そっと地面に降りて身支度を整え、ギーナの生家だという小屋の扉を叩こうと近づく……と、途端に中から甲高い小さな子供の声が響いた。
「お兄ちゃんはどこにいったの? お兄ちゃんがいないの。ねえ、どうしてお兄ちゃん帰ってこないの?」
「……ギーナのことは忘れろ。あんな呪われた子はうちの子じゃないと何度も言ってるだろう。本当の親の悪魔が来て連れてったんだ」
「どうして! お兄ちゃんは悪魔じゃないのに!」
「あいつは悪魔の子だったんだ。お前の兄ちゃんじゃない。悪魔のところへ行ったからもう帰ってこない。忘れるんだ」
「……パパとママのばか!! お兄ちゃんはそんなんじゃないもん!」
「ああ、もう、ピア! いい加減に聞き分けなさい! あの恐ろしい子がいなくなって、お前も安心なんだよ?」
「ばか! お兄ちゃんはお兄ちゃんなのに! ママのばか!」
ばたばたと音がしてバンと扉が開き、小さな女の子が飛び出していった。呆気に取られてソーニャを見ると、いつもにこにこと柔らかく微笑んでいるソーニャが珍しく表情を強張らせ、目を眇めていた。
「ピア、待て! ……あんたたちは? 誰だ?」
娘の後を追って扉を出てきた男が、僕たちに気づいて怪訝そうに眉を顰めた。
「──こんにちは。ギーナは悪魔の子ではありません。ちょっと強い魔法の素養を持って生まれただけですよ」
「魔法?」
男はますます訝しむように顔を顰める。
「はい。ですから、あの子は私たちが立派な魔法使いに育てます。あなたたちは心配なさらないでくださいね。それだけを伝えに来ました」
口だけは笑みの形を作ると、呆気にとられる男を放って、ソーニャは「ウルス、行きましょう」と僕の腕を掴んで歩き出した……ピアのいなくなった方向へ向かって。
「ソーニャ、もういいの?」
「……ウルス、あのひとたちとは、たぶん話をしても仕方ないと思います」
「ソーニャ?」
「けど、そうですね。ギーナの妹さんにだけ、ちゃんと話をしましょう」
少し硬い声でどんどん歩いていくソーニャの肩に手を置いて抱き寄せる。
「どうして?」
「……あの親はだめです。本当に、ギーナのことなんてどうでもいいと思ってます。ギーナを突き放す振りではありませんでした。ギーナのことを心配してるのは、妹さんだけです」
「……確かにね」
あの少しの会話を聞いただけで、ギーナがいなくなって清々しているということが伝わってきた。自分たちの子供のはずなのに、どうしてだ。

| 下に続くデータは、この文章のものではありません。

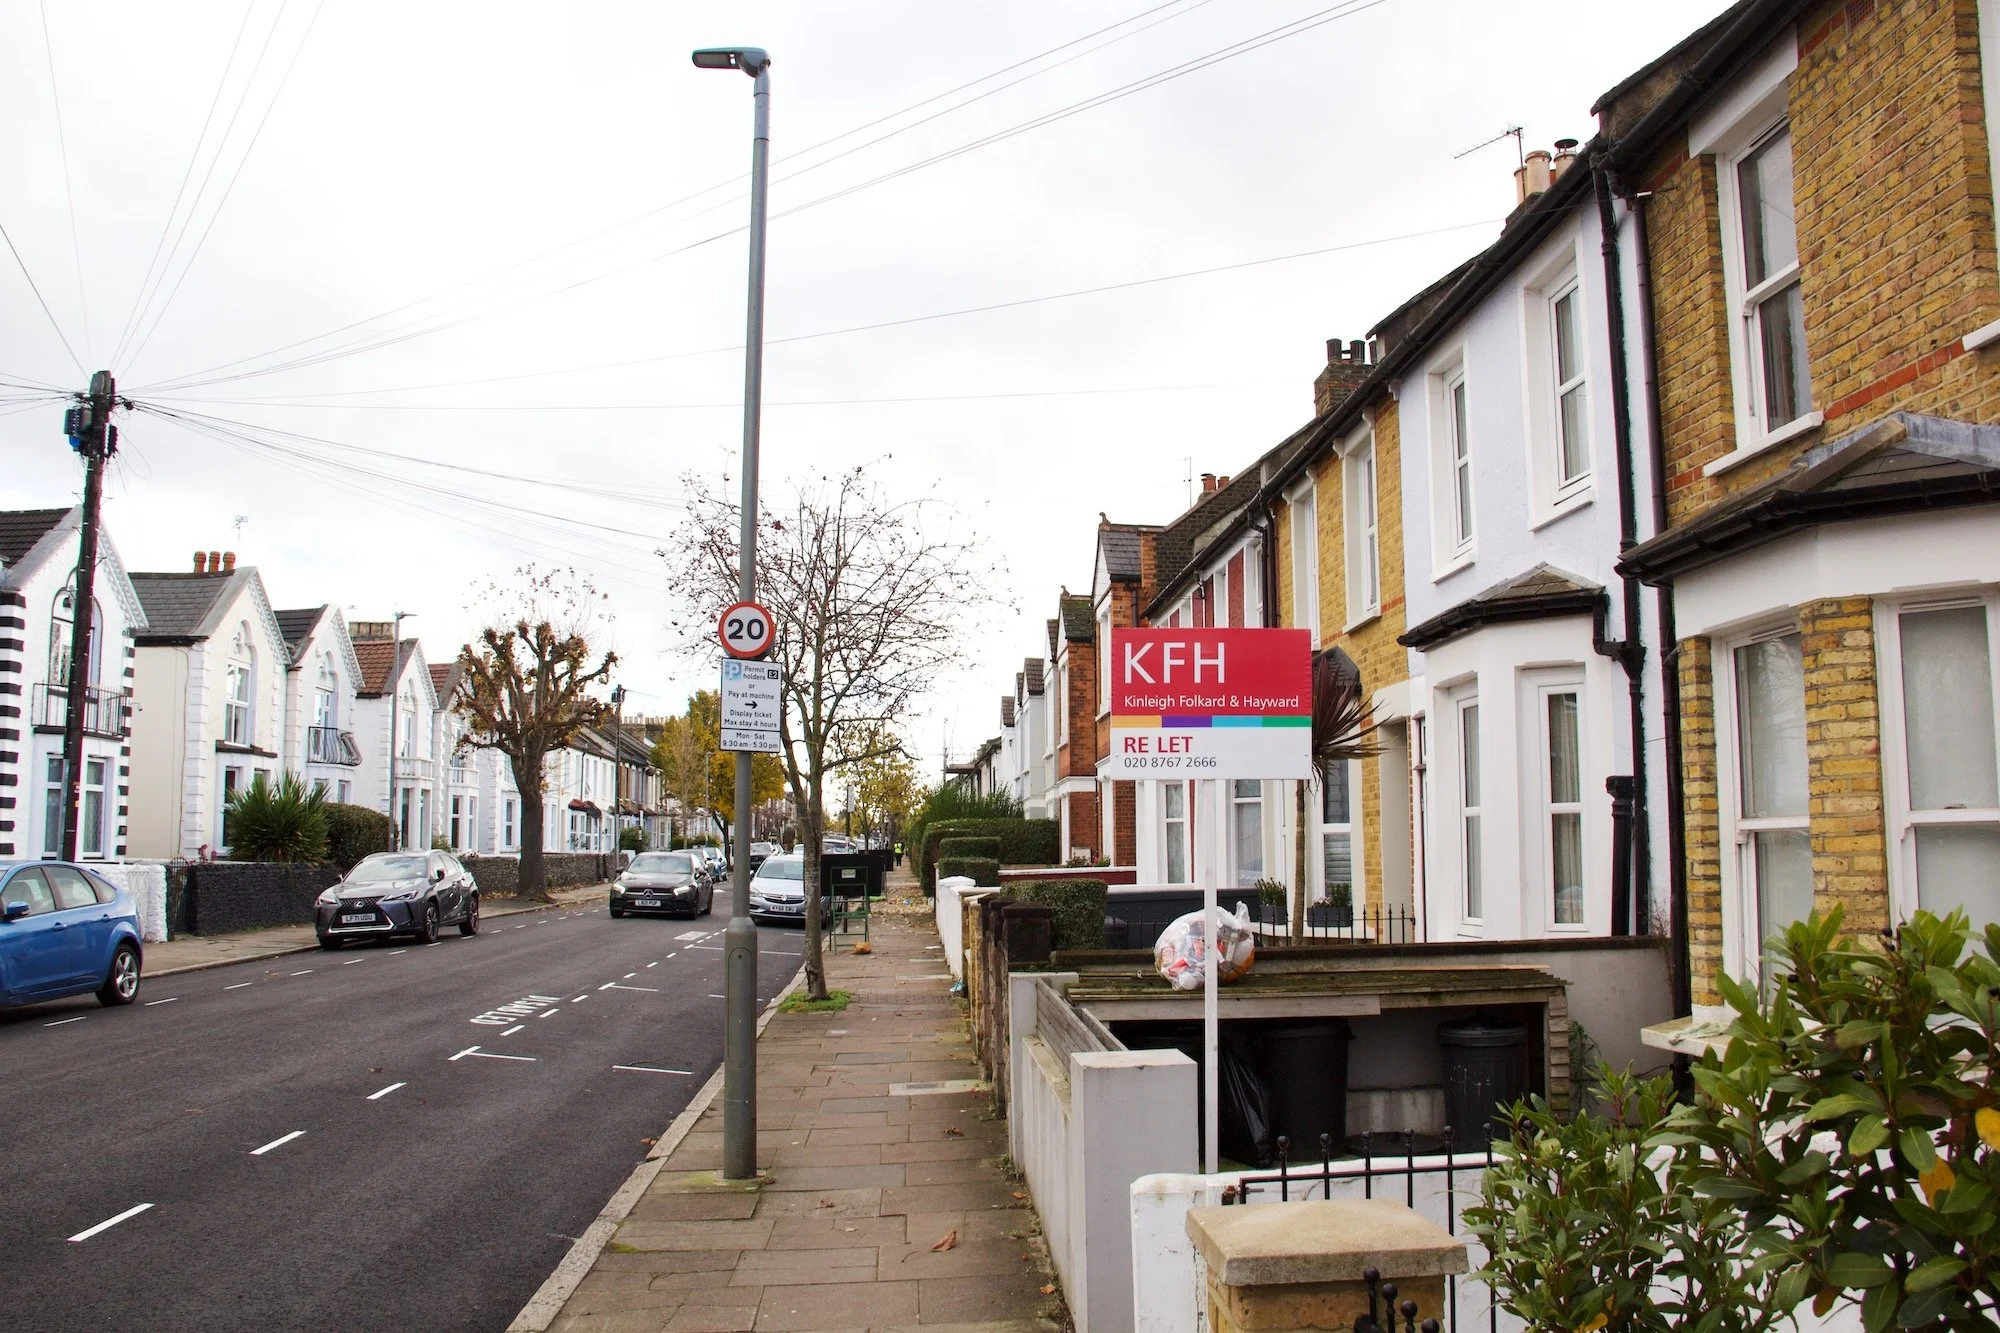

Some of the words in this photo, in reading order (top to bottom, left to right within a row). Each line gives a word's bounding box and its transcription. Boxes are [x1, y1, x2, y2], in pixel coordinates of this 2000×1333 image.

そのまま少し歩くと、大きな木の根元に蹲って泣きじゃくるピアを見つけた。ソーニャはゆっくりと彼女に近づき、その傍にしゃがみこむ。
「こんにちは。あなたはギーナの妹のピアですね? お兄ちゃんからの伝言を預かってきましたよ」
「お兄ちゃんの?」
涙でぐしゃぐしゃになった顔で、ピアはソーニャを見上げた。
「はい。お兄ちゃんは元気です。心配しないでほしいって言ってましたよ。あと何年か頑張れば、きっととても立派な魔法使いになれますし、そうしたら、あなたにもまた会いに来られます。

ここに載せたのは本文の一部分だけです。